● What the task requires
Give back each entry word for word, but drop the images.
::: Records shown :::
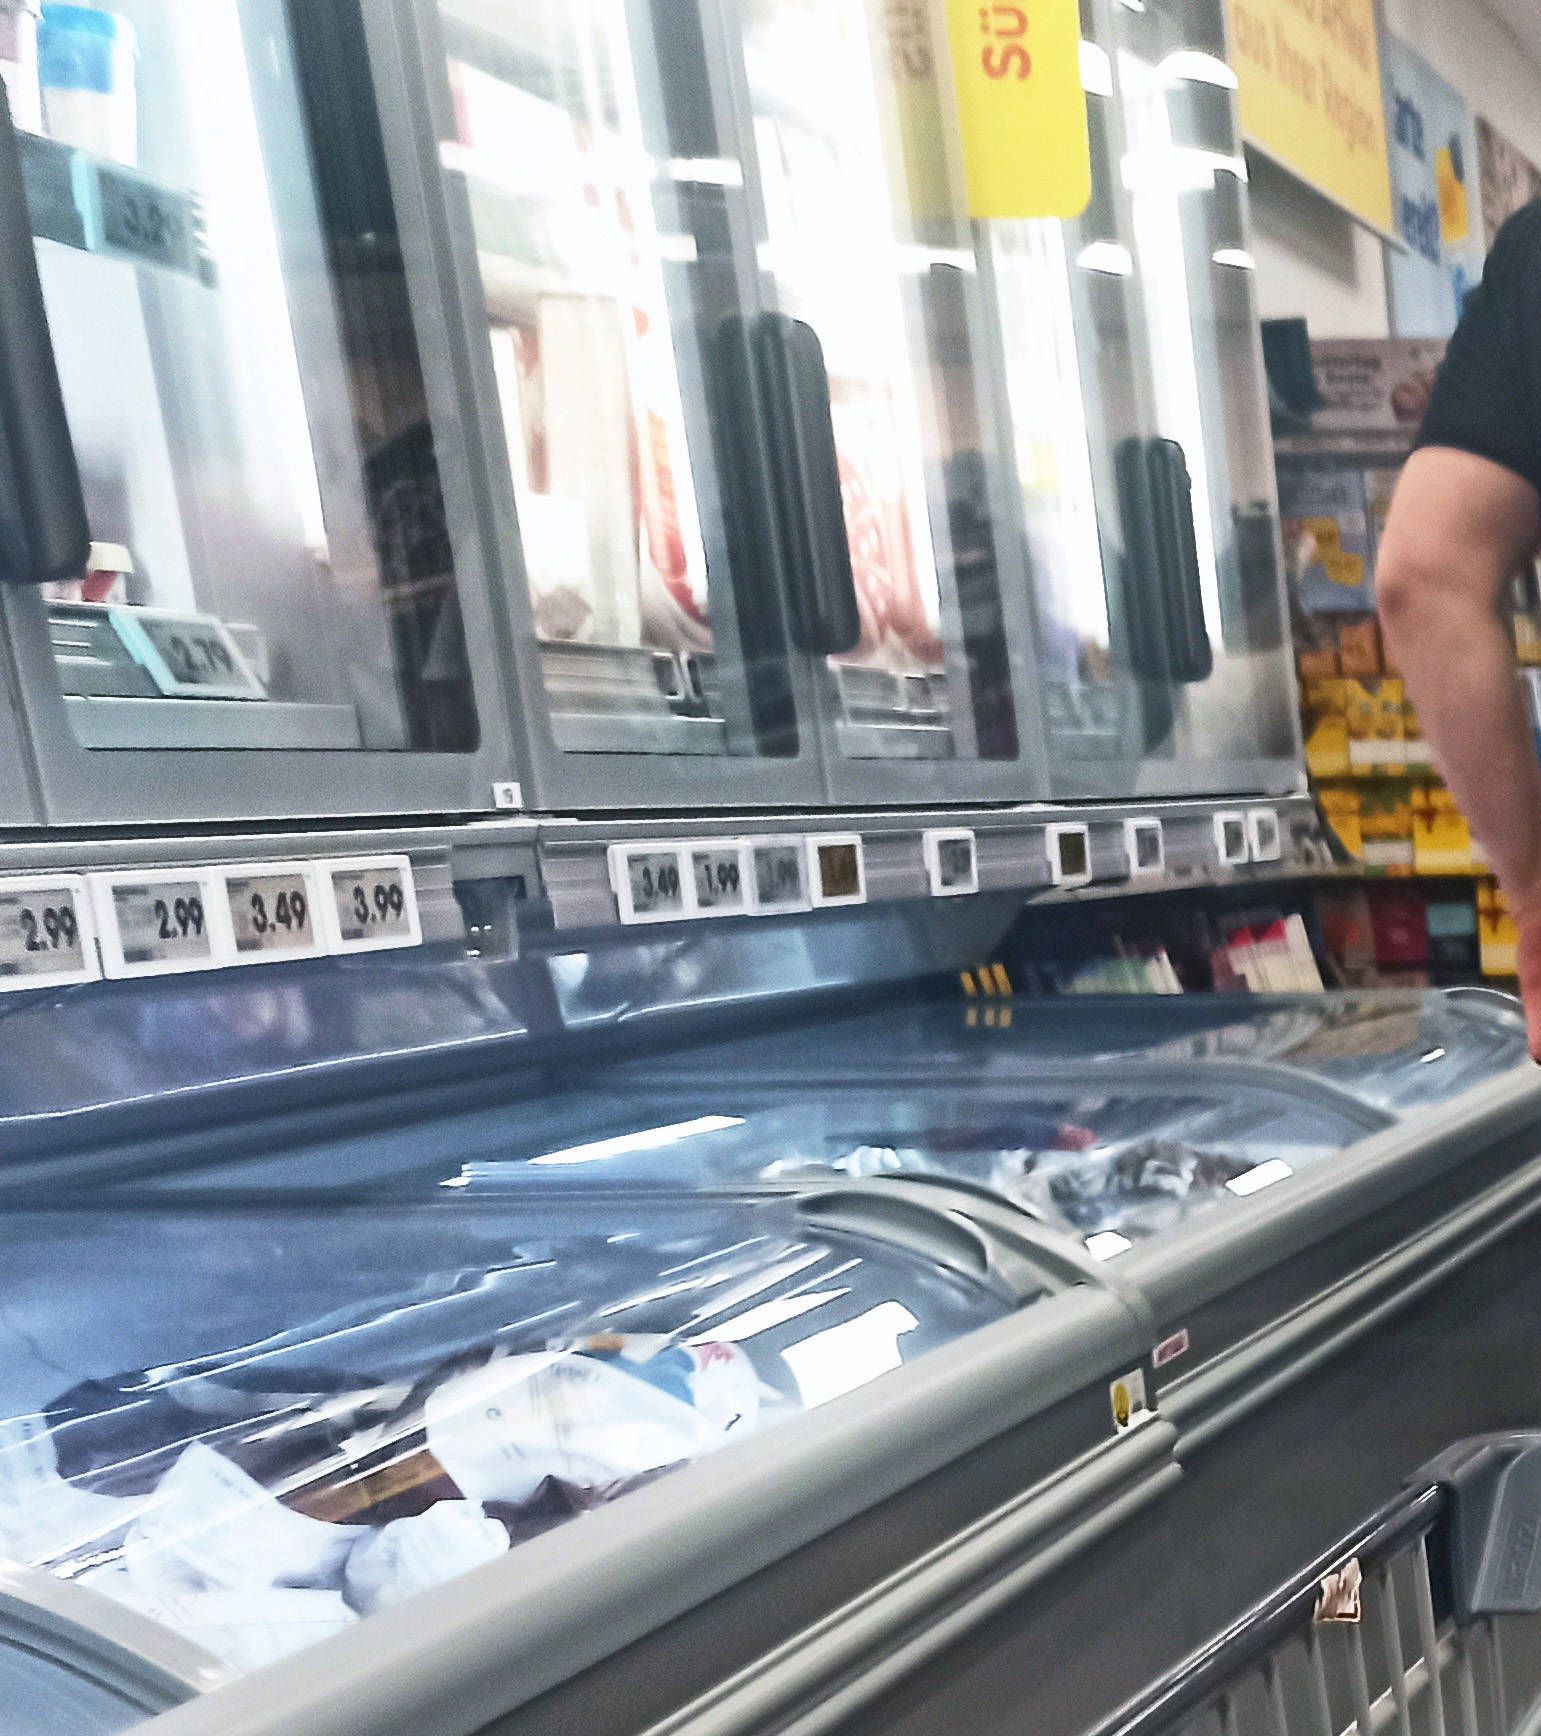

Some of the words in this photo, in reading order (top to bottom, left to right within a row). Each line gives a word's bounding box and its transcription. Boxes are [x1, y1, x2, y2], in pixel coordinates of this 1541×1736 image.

[154, 896, 205, 941] 2.99
[250, 890, 308, 935] 3.49
[352, 882, 405, 922] 3.99
[20, 905, 77, 953] 2.99
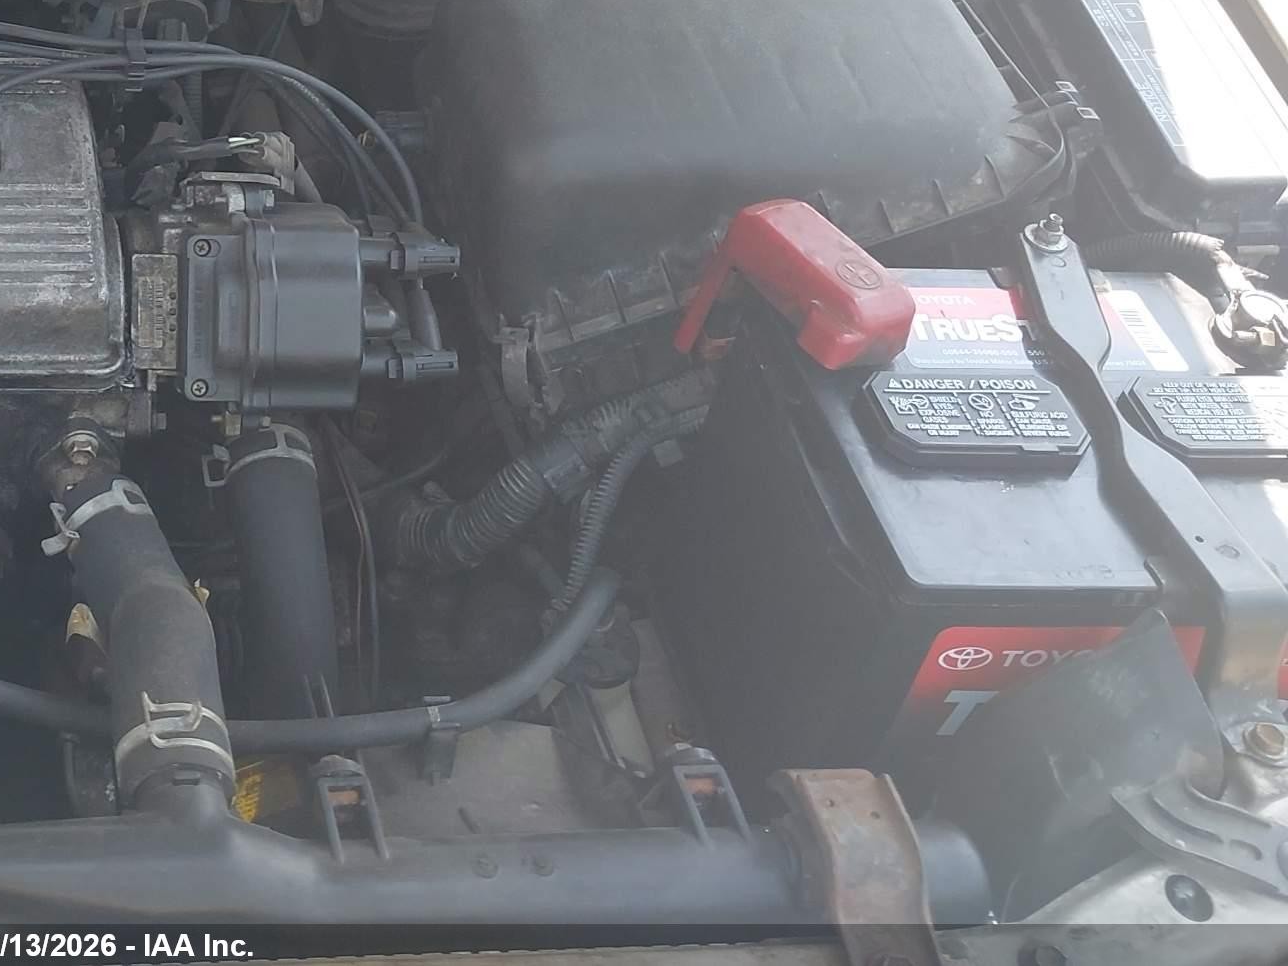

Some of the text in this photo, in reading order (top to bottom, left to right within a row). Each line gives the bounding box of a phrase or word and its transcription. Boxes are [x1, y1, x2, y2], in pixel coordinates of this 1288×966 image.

[1135, 82, 1169, 123] NOTICE
[916, 295, 977, 306] OYOTA
[900, 378, 966, 390] DANGER
[980, 378, 1038, 390] POISON
[918, 409, 961, 417] EXPLOSIVE
[979, 410, 995, 418] NO
[1011, 411, 1047, 419] SULFURIC
:::
● Written answer
Some of the words in this photo, in reading order (top to bottom, left to right within a row). Each line gives a word's bounding box and its transcription. Boxes are [x1, y1, x2, y2], in pixel coordinates of this 1541×1736 image.

[154, 896, 205, 941] 2.99
[250, 890, 308, 935] 3.49
[352, 882, 405, 922] 3.99
[20, 905, 77, 953] 2.99

Some of the text in this photo, in reading order (top to bottom, left to right within a row). Each line gives the bounding box of a phrase or word and its transcription. Boxes are [x1, y1, x2, y2], in pixel coordinates of this 1288×966 image.

[1135, 82, 1169, 123] NOTICE
[916, 295, 977, 306] OYOTA
[900, 378, 966, 390] DANGER
[980, 378, 1038, 390] POISON
[918, 409, 961, 417] EXPLOSIVE
[979, 410, 995, 418] NO
[1011, 411, 1047, 419] SULFURIC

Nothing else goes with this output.